<<<<

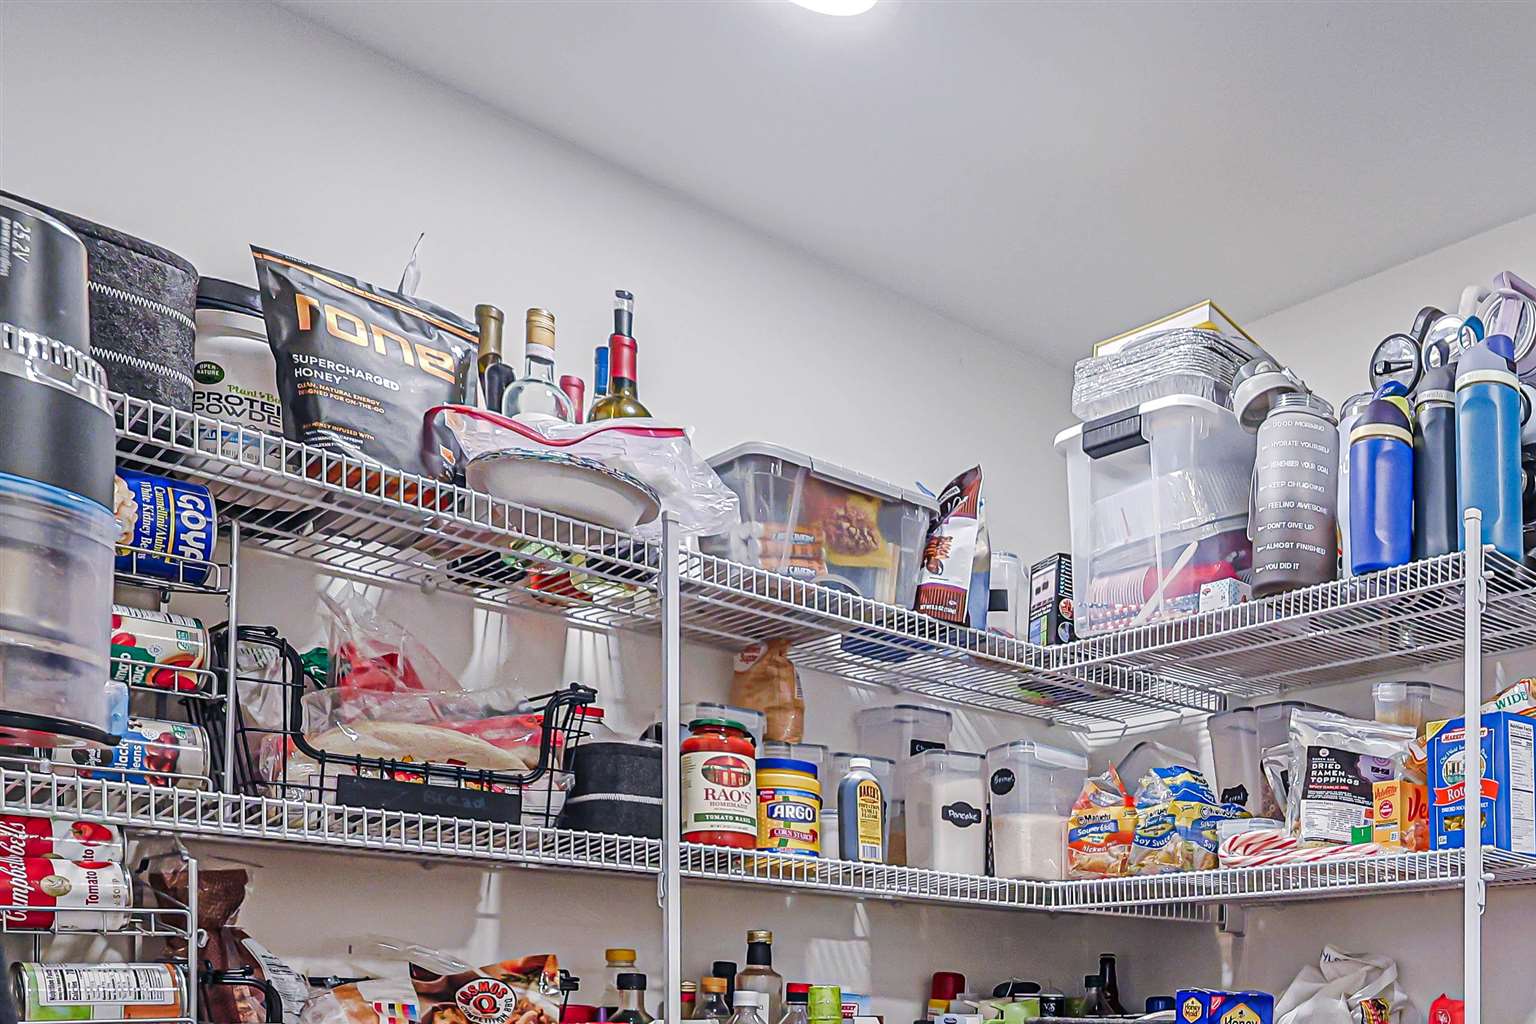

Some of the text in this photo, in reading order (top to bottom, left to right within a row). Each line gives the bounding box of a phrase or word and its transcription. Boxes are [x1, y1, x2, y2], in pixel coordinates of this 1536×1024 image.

[12, 220, 32, 263] 25.2V
[292, 354, 400, 392] SUPERCHARGED
[294, 368, 346, 385] HONEY
[227, 385, 257, 397] Plant
[319, 384, 352, 399] NATURAL
[192, 391, 281, 416] PROTEI
[329, 392, 345, 402] FOR
[345, 398, 385, 414] ON-THE-GO
[192, 403, 281, 427] POWDE
[1294, 422, 1325, 432] MORNING
[1300, 442, 1330, 453] YOURSELF
[140, 481, 152, 502] White
[1268, 501, 1328, 514] FEELING AWESOME
[139, 504, 154, 536] Kidney
[177, 494, 207, 561] GOYA
[1267, 522, 1286, 530] DON'T
[1296, 542, 1326, 555] FINISHED
[1495, 689, 1529, 711] WIDE
[114, 741, 129, 771] lack
[132, 745, 142, 771] eans
[1310, 777, 1360, 786] TOPPINGS
[703, 788, 751, 804] RAO'S
[735, 815, 752, 823] BASIL
[772, 807, 814, 821] ARGO
[948, 810, 978, 820] Pancake
[774, 829, 814, 841] CORN STARCH
[1134, 836, 1150, 847] Soy
[1083, 842, 1107, 852] hicken
[1203, 840, 1217, 851] Soy
[86, 871, 99, 905] Tomato
[458, 981, 508, 1005] KOSMOS
[472, 994, 500, 1014] Q
[1185, 1003, 1200, 1012] Honey
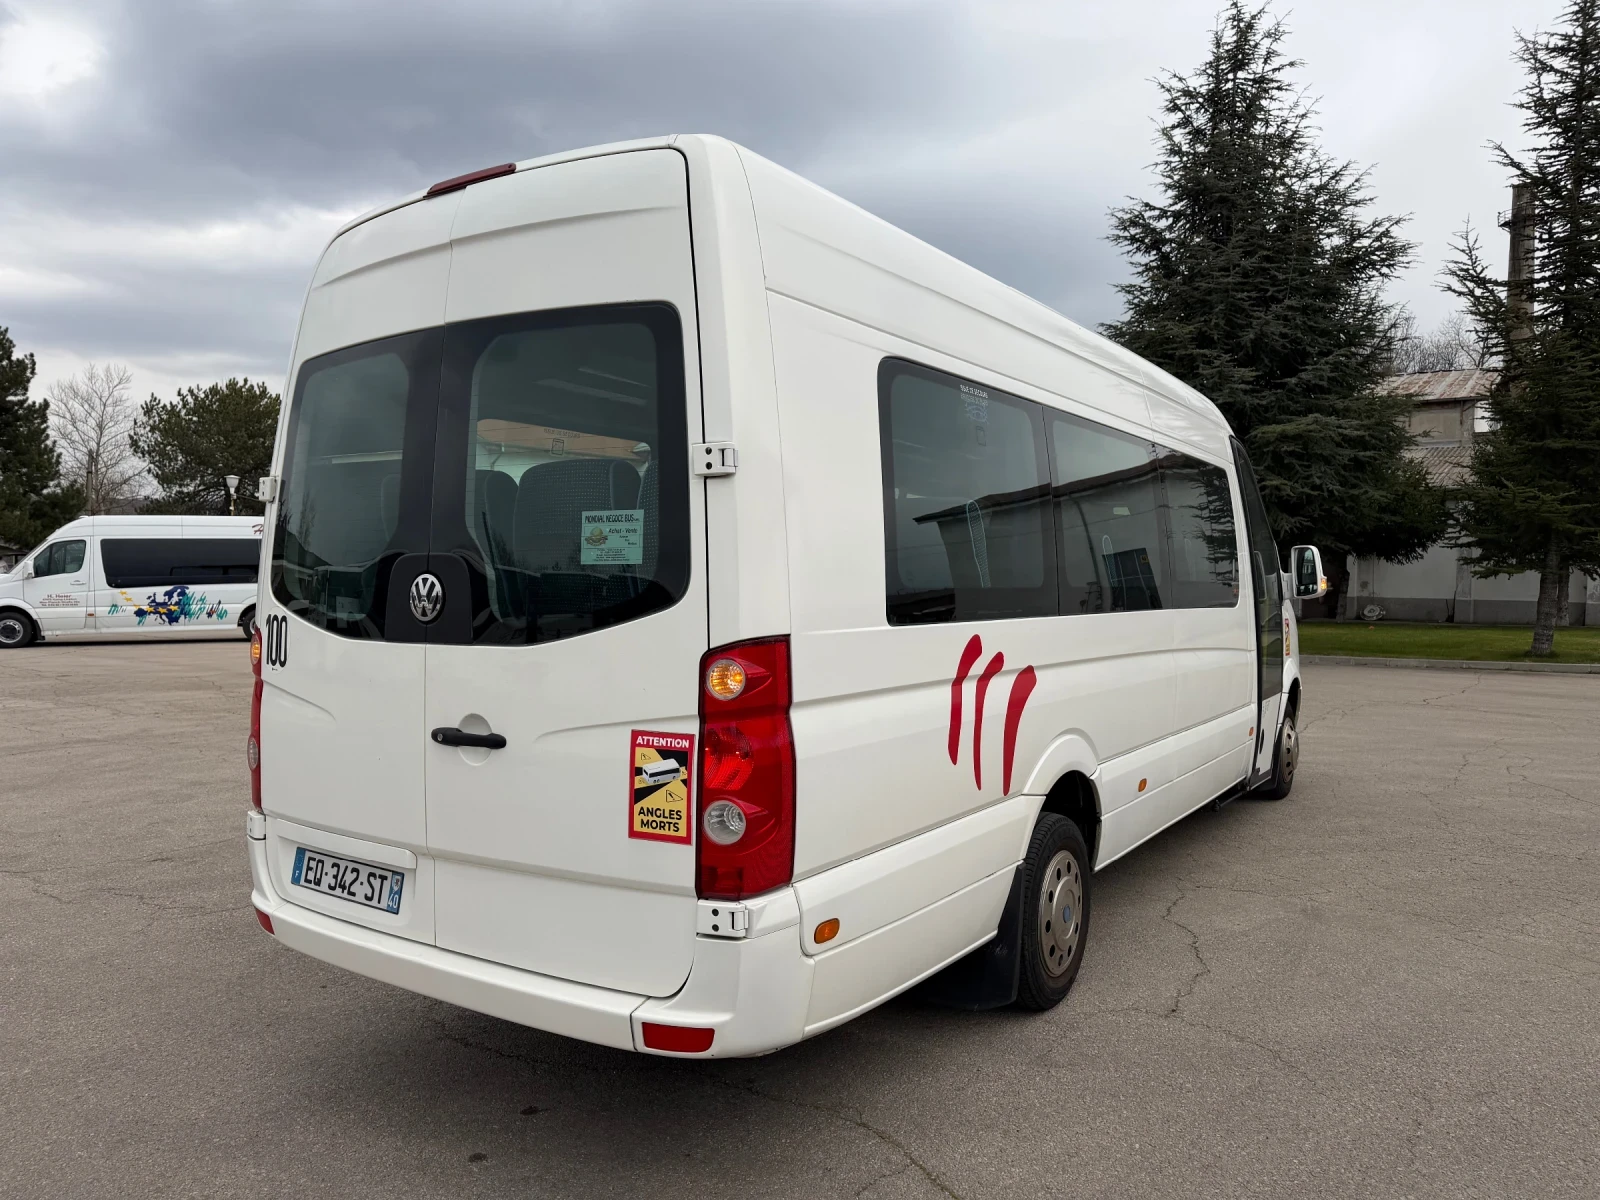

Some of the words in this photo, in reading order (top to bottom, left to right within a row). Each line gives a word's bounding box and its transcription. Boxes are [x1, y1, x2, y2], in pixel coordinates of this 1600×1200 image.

>>>>

Could the data be reproduced exactly, with the pictures omitted?

Some of the text in this photo, in reading order (top to bottom, left to right within a row). Each line gives the bounding box of a phrase or word and its transcription. Boxes are [x1, y1, x2, y2], in pixel coordinates of this 1536×1024 image.

[12, 220, 32, 263] 25.2V
[292, 354, 400, 392] SUPERCHARGED
[294, 368, 346, 385] HONEY
[227, 385, 257, 397] Plant
[319, 384, 352, 399] NATURAL
[192, 391, 281, 416] PROTEI
[329, 392, 345, 402] FOR
[345, 398, 385, 414] ON-THE-GO
[192, 403, 281, 427] POWDE
[1294, 422, 1325, 432] MORNING
[1300, 442, 1330, 453] YOURSELF
[140, 481, 152, 502] White
[1268, 501, 1328, 514] FEELING AWESOME
[139, 504, 154, 536] Kidney
[177, 494, 207, 561] GOYA
[1267, 522, 1286, 530] DON'T
[1296, 542, 1326, 555] FINISHED
[1495, 689, 1529, 711] WIDE
[114, 741, 129, 771] lack
[132, 745, 142, 771] eans
[1310, 777, 1360, 786] TOPPINGS
[703, 788, 751, 804] RAO'S
[735, 815, 752, 823] BASIL
[772, 807, 814, 821] ARGO
[948, 810, 978, 820] Pancake
[774, 829, 814, 841] CORN STARCH
[1134, 836, 1150, 847] Soy
[1083, 842, 1107, 852] hicken
[1203, 840, 1217, 851] Soy
[86, 871, 99, 905] Tomato
[458, 981, 508, 1005] KOSMOS
[472, 994, 500, 1014] Q
[1185, 1003, 1200, 1012] Honey

Some of the words in this photo, in reading order (top to bottom, left to right within a row). Each line gives a word's bounding box and its transcription. Boxes are [x1, y1, x2, y2], in pixel coordinates of this 1600×1200 image.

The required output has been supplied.